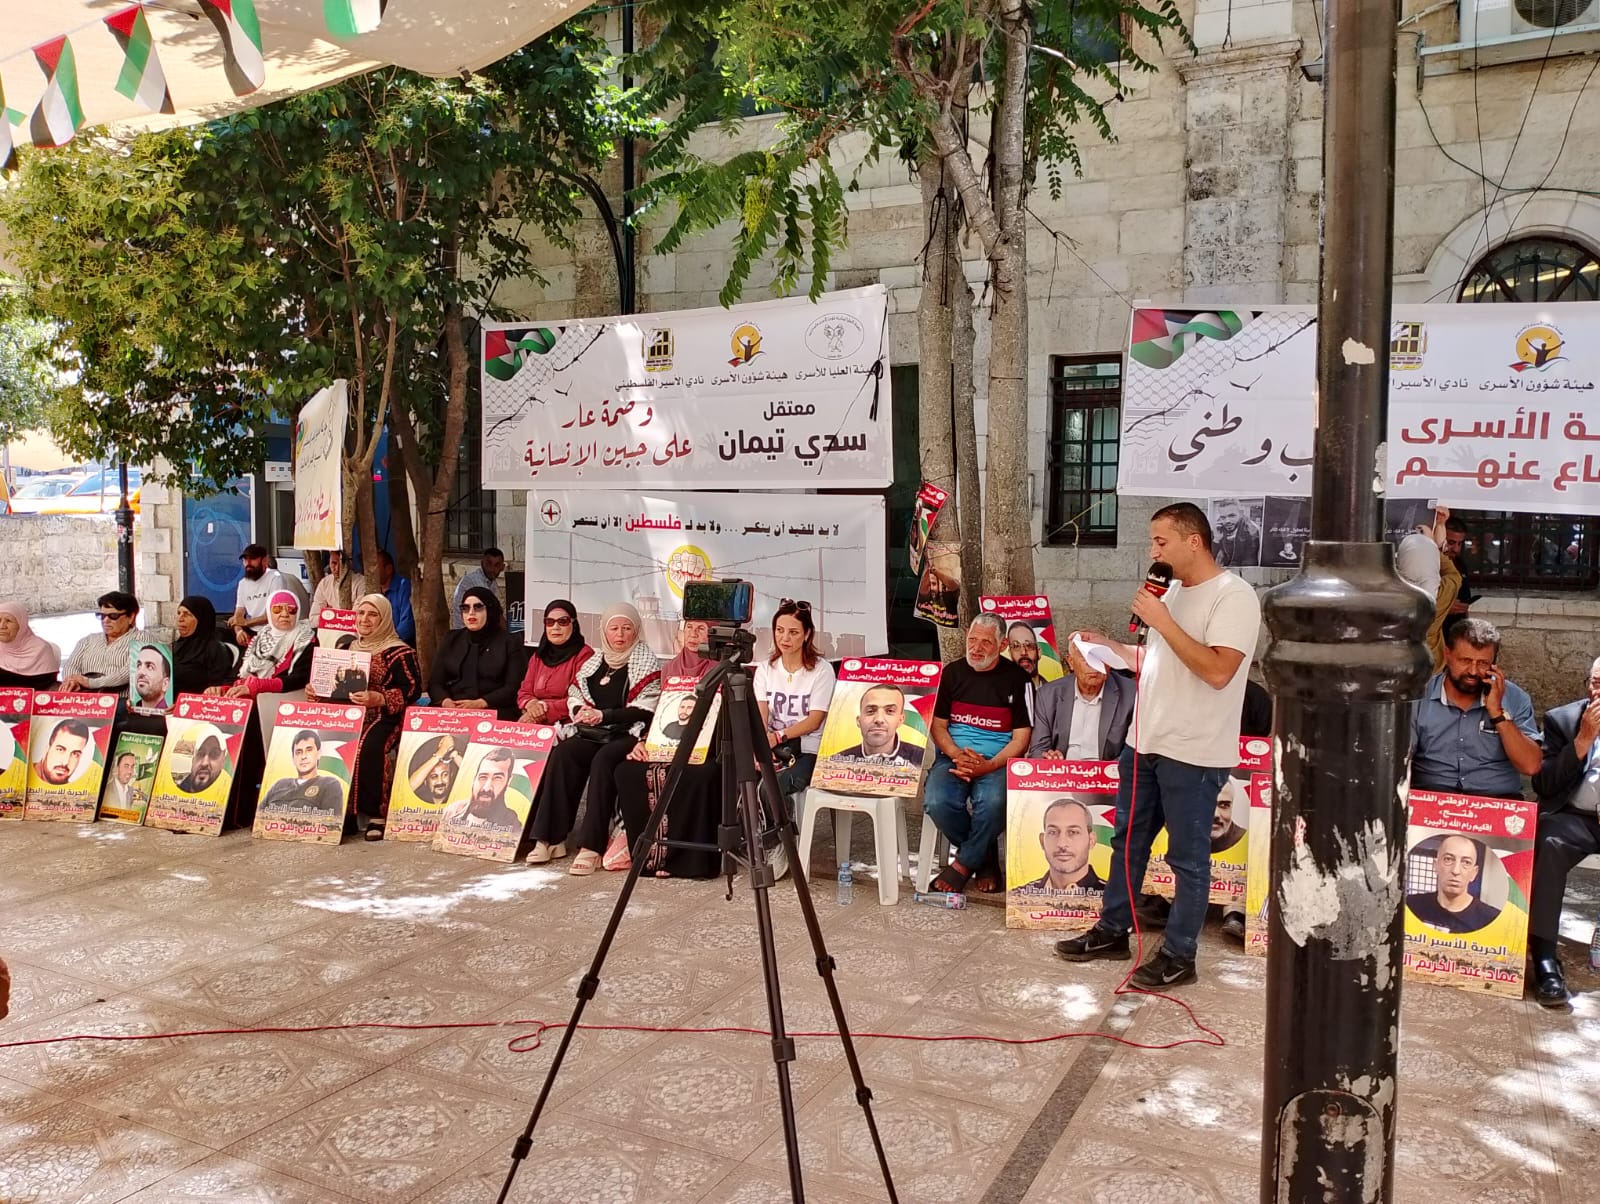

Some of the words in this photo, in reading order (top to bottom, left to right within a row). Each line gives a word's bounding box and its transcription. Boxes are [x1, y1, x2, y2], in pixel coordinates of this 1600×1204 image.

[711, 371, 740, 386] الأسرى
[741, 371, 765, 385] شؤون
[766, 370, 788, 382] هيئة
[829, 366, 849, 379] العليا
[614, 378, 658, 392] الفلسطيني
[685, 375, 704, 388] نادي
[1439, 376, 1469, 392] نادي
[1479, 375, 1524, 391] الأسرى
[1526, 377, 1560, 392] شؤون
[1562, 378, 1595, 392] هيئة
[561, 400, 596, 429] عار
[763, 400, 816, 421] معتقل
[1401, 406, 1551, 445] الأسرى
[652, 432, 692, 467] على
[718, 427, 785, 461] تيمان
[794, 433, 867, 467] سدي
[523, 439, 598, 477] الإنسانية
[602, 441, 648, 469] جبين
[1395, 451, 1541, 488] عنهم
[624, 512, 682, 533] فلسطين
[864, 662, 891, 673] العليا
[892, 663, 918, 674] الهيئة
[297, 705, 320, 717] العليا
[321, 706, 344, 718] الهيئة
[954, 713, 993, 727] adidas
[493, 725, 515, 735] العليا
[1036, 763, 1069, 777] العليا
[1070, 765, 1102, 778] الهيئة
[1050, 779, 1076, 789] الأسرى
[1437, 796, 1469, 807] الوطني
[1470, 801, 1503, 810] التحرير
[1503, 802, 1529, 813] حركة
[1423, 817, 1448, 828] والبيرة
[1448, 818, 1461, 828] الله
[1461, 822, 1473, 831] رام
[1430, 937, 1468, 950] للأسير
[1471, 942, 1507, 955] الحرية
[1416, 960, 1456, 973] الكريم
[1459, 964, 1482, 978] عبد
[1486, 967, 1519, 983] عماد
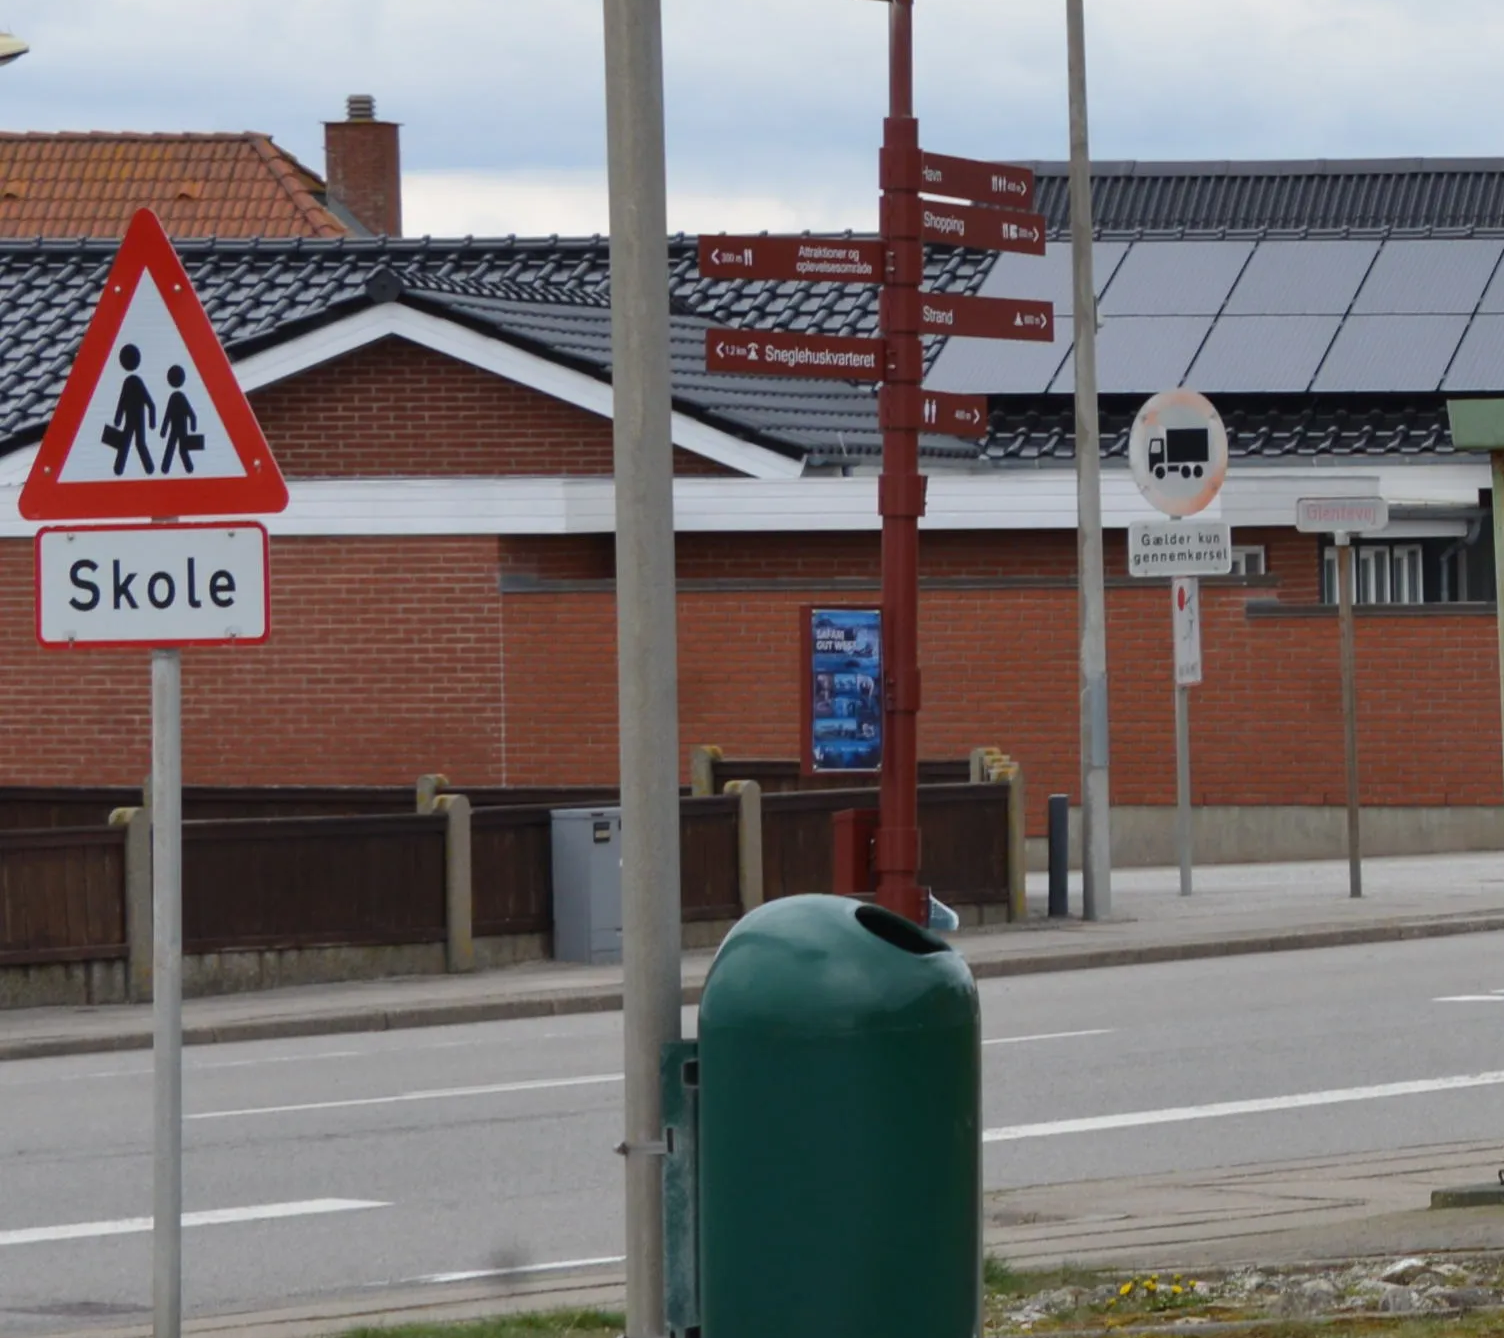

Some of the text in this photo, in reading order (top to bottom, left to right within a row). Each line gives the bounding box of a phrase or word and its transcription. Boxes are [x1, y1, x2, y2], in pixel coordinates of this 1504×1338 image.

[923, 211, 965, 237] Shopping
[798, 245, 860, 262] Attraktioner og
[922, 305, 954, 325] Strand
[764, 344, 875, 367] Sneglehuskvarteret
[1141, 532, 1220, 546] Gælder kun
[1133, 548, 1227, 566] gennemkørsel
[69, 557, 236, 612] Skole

→ **About this exercise**
Every line above should be retyped exactly; the pictures do not belong in the copy.

→ **Exercise response**
Some of the words in this photo, in reading order (top to bottom, left to right within a row). Each line gives a word's bounding box and its transcription. Boxes are [x1, y1, x2, y2], in pixel coordinates of this 1600×1204 image.

[711, 371, 740, 386] الأسرى
[741, 371, 765, 385] شؤون
[766, 370, 788, 382] هيئة
[829, 366, 849, 379] العليا
[614, 378, 658, 392] الفلسطيني
[685, 375, 704, 388] نادي
[1439, 376, 1469, 392] نادي
[1479, 375, 1524, 391] الأسرى
[1526, 377, 1560, 392] شؤون
[1562, 378, 1595, 392] هيئة
[561, 400, 596, 429] عار
[763, 400, 816, 421] معتقل
[1401, 406, 1551, 445] الأسرى
[652, 432, 692, 467] على
[718, 427, 785, 461] تيمان
[794, 433, 867, 467] سدي
[523, 439, 598, 477] الإنسانية
[602, 441, 648, 469] جبين
[1395, 451, 1541, 488] عنهم
[624, 512, 682, 533] فلسطين
[864, 662, 891, 673] العليا
[892, 663, 918, 674] الهيئة
[297, 705, 320, 717] العليا
[321, 706, 344, 718] الهيئة
[954, 713, 993, 727] adidas
[493, 725, 515, 735] العليا
[1036, 763, 1069, 777] العليا
[1070, 765, 1102, 778] الهيئة
[1050, 779, 1076, 789] الأسرى
[1437, 796, 1469, 807] الوطني
[1470, 801, 1503, 810] التحرير
[1503, 802, 1529, 813] حركة
[1423, 817, 1448, 828] والبيرة
[1448, 818, 1461, 828] الله
[1461, 822, 1473, 831] رام
[1430, 937, 1468, 950] للأسير
[1471, 942, 1507, 955] الحرية
[1416, 960, 1456, 973] الكريم
[1459, 964, 1482, 978] عبد
[1486, 967, 1519, 983] عماد

Some of the text in this photo, in reading order (top to bottom, left to right within a row). Each line gives the bounding box of a phrase or word and its transcription. Boxes are [x1, y1, x2, y2], in pixel coordinates of this 1504×1338 image.

[923, 211, 965, 237] Shopping
[798, 245, 860, 262] Attraktioner og
[922, 305, 954, 325] Strand
[764, 344, 875, 367] Sneglehuskvarteret
[1141, 532, 1220, 546] Gælder kun
[1133, 548, 1227, 566] gennemkørsel
[69, 557, 236, 612] Skole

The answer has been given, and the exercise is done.